The band released their first, eponymous project in 1999, on the now defunct Doobie Shea Records, following it quickly with their IBMA Award Winning, all-gospel release, The Journey.  In 2001, the band signed with Skaggs Family Records and soon released "No Other Way", their first for the label.  The project was nominated for Album of the Year honors by the IBMA and Mountain Heart was nominated for Entertainer of the Year.  In 2004, they released "Force Of Nature", which was also nominated for Album of the Year honors.  Again, Mountain Heart was nominated for Entertainers of the Year.  The group released their final Skaggs Family Records recording in 2005, entitled "Wide Open". The album was the beginning of a stylistic departure into the Americana/Folk/Country markets.  Produced by uber-producer, Mark Bright (Carrie Underwood, Rascal Flatts, Sara Evans, BlackHawk), the project achieved stellar success for the band, both critically and at retail.

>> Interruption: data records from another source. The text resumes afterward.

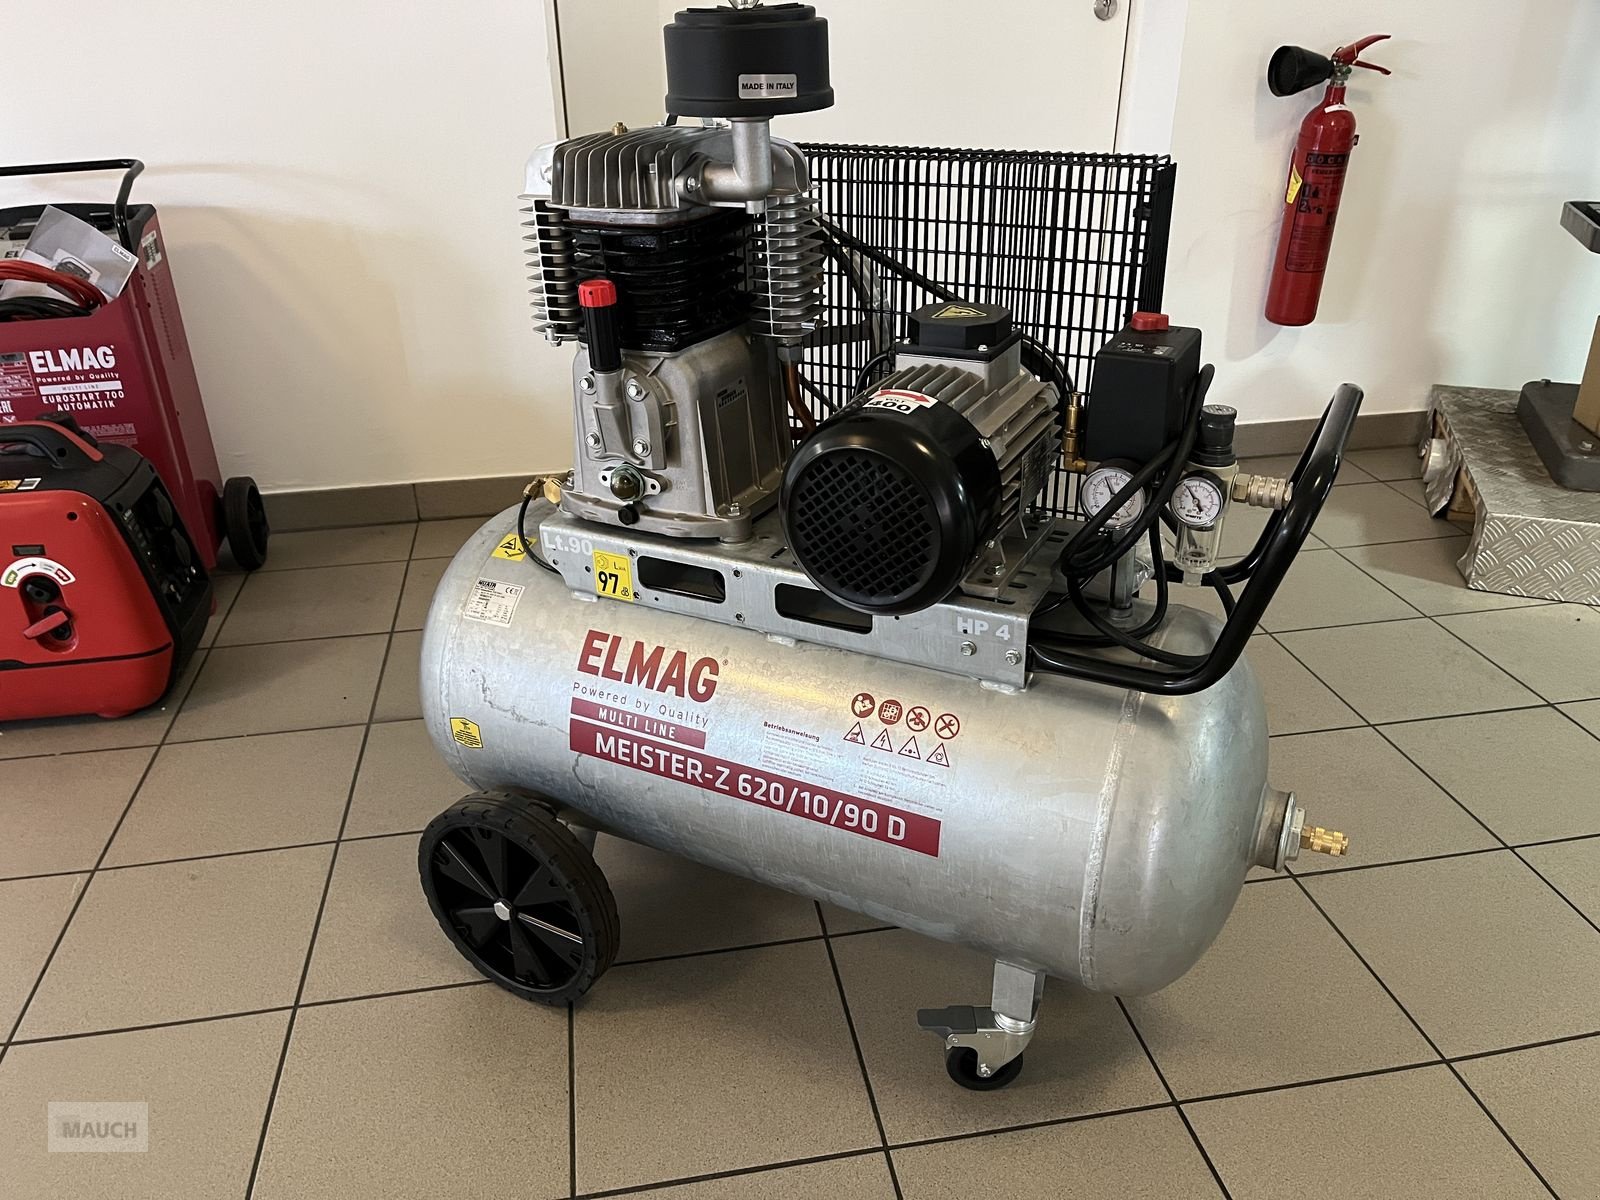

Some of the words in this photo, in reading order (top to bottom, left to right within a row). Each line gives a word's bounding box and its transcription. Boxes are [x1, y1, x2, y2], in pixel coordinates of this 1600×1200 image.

[742, 82, 764, 90] MADE
[766, 82, 775, 90] IN
[776, 81, 795, 90] ITALY
[36, 375, 71, 383] Powered
[75, 374, 85, 382] by
[89, 372, 119, 381] Quality
[42, 391, 100, 404] EUROSTART
[104, 390, 125, 399] 700
[57, 400, 116, 412] AUTOMATIK
[867, 400, 912, 411] 400
[543, 531, 593, 556] Lt.90
[598, 571, 619, 594] 97
[957, 616, 989, 635] HP
[995, 625, 1011, 641] 4
[572, 682, 627, 705] Powered
[636, 698, 650, 712] by
[658, 704, 709, 728] Quality
[598, 707, 638, 727] MULTI
[645, 719, 676, 739] LINE
[763, 721, 820, 742] Betriebsanweisung
[595, 732, 730, 791] MEISTER-Z
[738, 773, 878, 833] 620/10/90
[887, 814, 906, 841] D

In December 2006, the band announced that lead singer, Steve Gulley, would be leaving the group. In January 2007, Josh Shilling debuted with the band at the Grand Ole Opry in Nashville, TN, and was announced as the group's new lead singer.  In September of that year, Jones was replaced by Grammy Award winning guitarist, Clay Hess. In December 2007, mandolinist Aaron Ramsey replaced Steffey, making his debut also on the stage of The Grand Ole Opry.  Clay Jones returned replacing Hess in January 2009, joining the band again at The Ark, in Ann Arbor, MI, which would later become the site of their 2007 (live) recording, The Road That Never Ends- The Live Album.  The band had been with the Skaggs Family Records label since 2002, but this marked their first project with Rural Rhythm Records out of Los Angeles, CA, which was a single record deal.  This album, produced by the band's own, Jim VanCleve, was critically acclaimed and highly sought after, becoming one of their best-selling projects to date.  A music video for Road That Never Ends, produced by Josh Shilling, was released and subsequently landed the group a spot in heavy rotation on GAC and CMT.

In 2010, Mountain Heart ventured to open their own record label.  MH Music Group was born and their first ever self-released project "That Just Happened" hit store shelves in January 2011.  Among the album's featured guests are New Grass Revival front man & current Doobie Brothers bassist, John Cowan, legendary session drummer, Eddie Bayers, and acoustic guitar whiz, Bryan Sutton.  Produced again by VanCleve and Mountain Heart, "That Just Happened" received high praise from critics,  even scoring a prestigious Four Star rating from Country Weekly Magazine.

In January 2012, the band welcomed into the group Seth Taylor, an eighteen-year-old guitar prodigy who has won numerous awards and shared the stage with Charlie Daniels and his mentor, Brad Paisley. In his second week with the band Seth got to share the stage two nights in a row with one of his guitar heroes, Tony Rice, when Mountain Heart shared back-to-back dates with him in Georgia.

In November 2014, Barry Abernathy left the band to focus on family and Jeff Partin of Volume Five joined on guitar, dobro, bass, vocals, and virtually every other instrument.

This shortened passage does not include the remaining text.